J'étais là, sur mon lit. Dans cette chambre, dans mon refuge, le seul qu'il me reste maintenant. Je ne sais pas vraiment comment ça s'était passé ni quand ça s'est passé. Ni pourquoi non plus. C'était il y a longtemps, peut-être qu'il ne s'en souvient même plus. Pourtant, je m'en souvenais. Et aujourd'hui, j'en étais là.

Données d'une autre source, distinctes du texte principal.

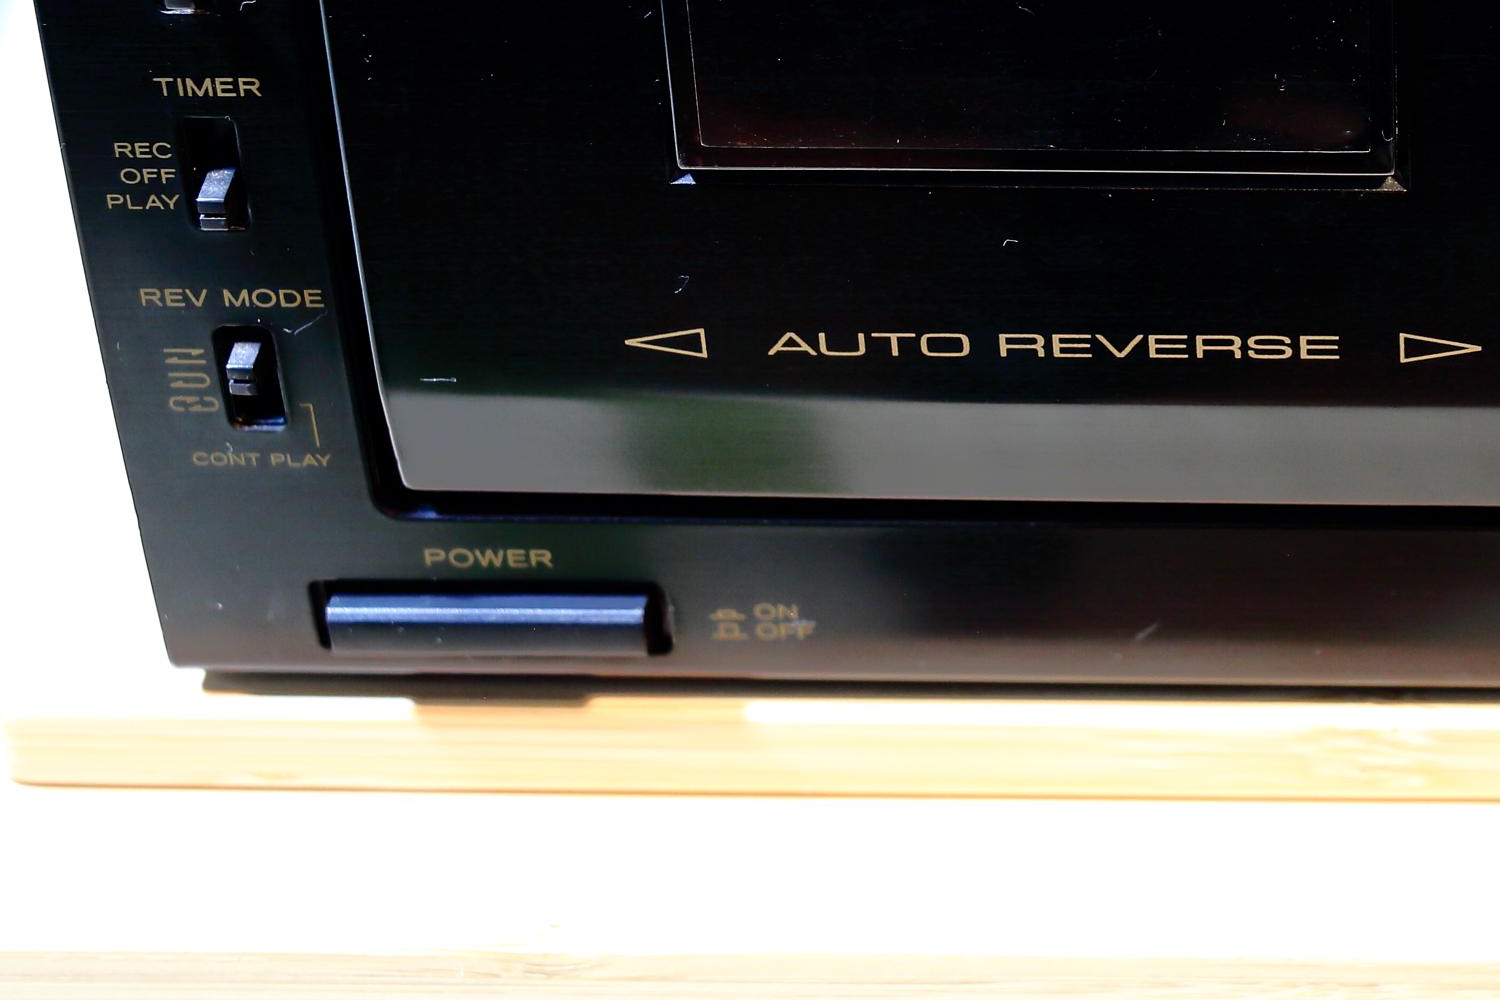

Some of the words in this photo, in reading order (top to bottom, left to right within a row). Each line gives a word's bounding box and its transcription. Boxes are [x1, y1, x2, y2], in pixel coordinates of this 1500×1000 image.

[152, 77, 262, 97] TIMER
[113, 142, 173, 159] REC
[120, 167, 176, 185] OFF
[106, 194, 180, 210] PLAY
[139, 287, 208, 308] REV
[222, 288, 325, 308] MODE
[767, 331, 971, 357] AUTO
[998, 333, 1341, 360] REVERSE
[192, 450, 260, 467] CONT
[269, 452, 330, 468] PLAY
[423, 547, 553, 568] POWER
[753, 602, 799, 620] ON
[755, 620, 816, 641] OFF
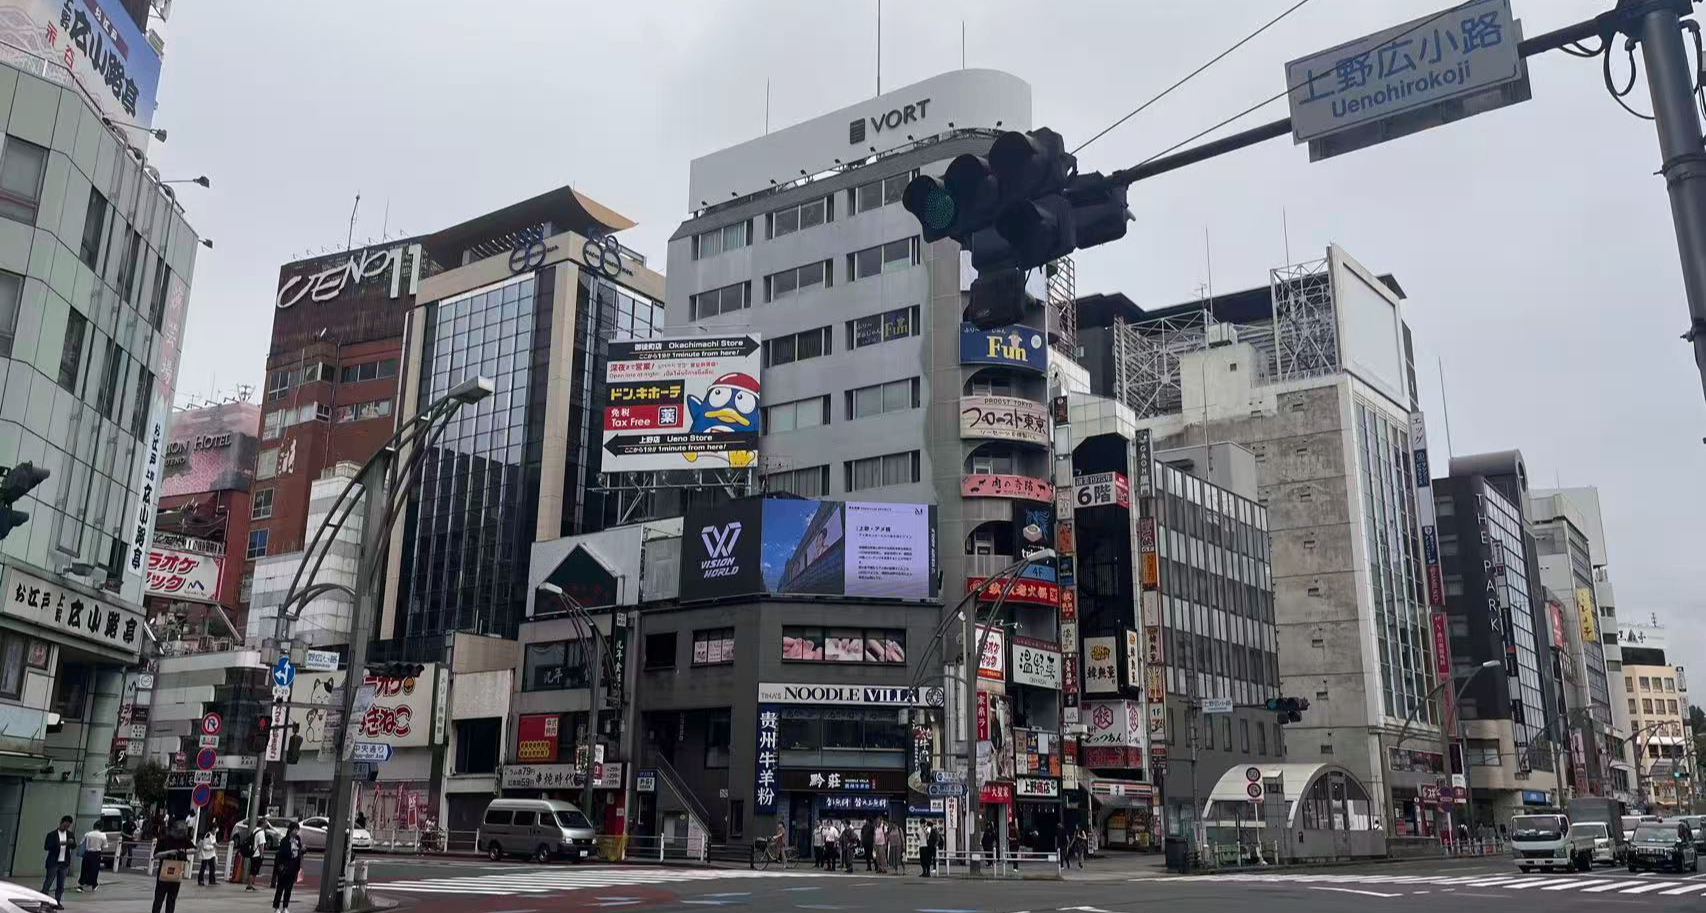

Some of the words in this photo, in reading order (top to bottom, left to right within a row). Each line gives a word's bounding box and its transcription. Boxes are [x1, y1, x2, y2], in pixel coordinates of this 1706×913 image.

Un traumatisme d'enfance qui hante encore
J'étais jeune mais je m'en rappelle. Ma famille aussi s'en rappelle, j'en suis sûre. Mais ils n'en parlent pas. Ils pensent sûrement que j'étais trop jeune pour m'en souvenir. Oui, j'étais jeune, je ne me rappelle pas de tout : je ne sais plus quand c'est arrivé. Mais je m'en rappelle, peut-être pas exactement, mais c'est là, dans ma tête, ça n'en sortira pas maintenant.
J'étais petite et j'étais fière d'elle. C'était ma sœur. Je ne pensais pas qu'elle aurait pu faire quelque chose de mal pour moi. Que ce qu'elle m'avait fait, c'était normal. Mais ce n'est pas de sa faute, tu sais. C'est toi qui aurais dû savoir que j'étais trop jeune pour tout ça. Même elle était trop jeune. Pourquoi tu nous as fait ça ? Elle ne s'en rappelle plus. Elle a décidé d'oublier. Moi aussi, mais je ne peux plus faire semblant.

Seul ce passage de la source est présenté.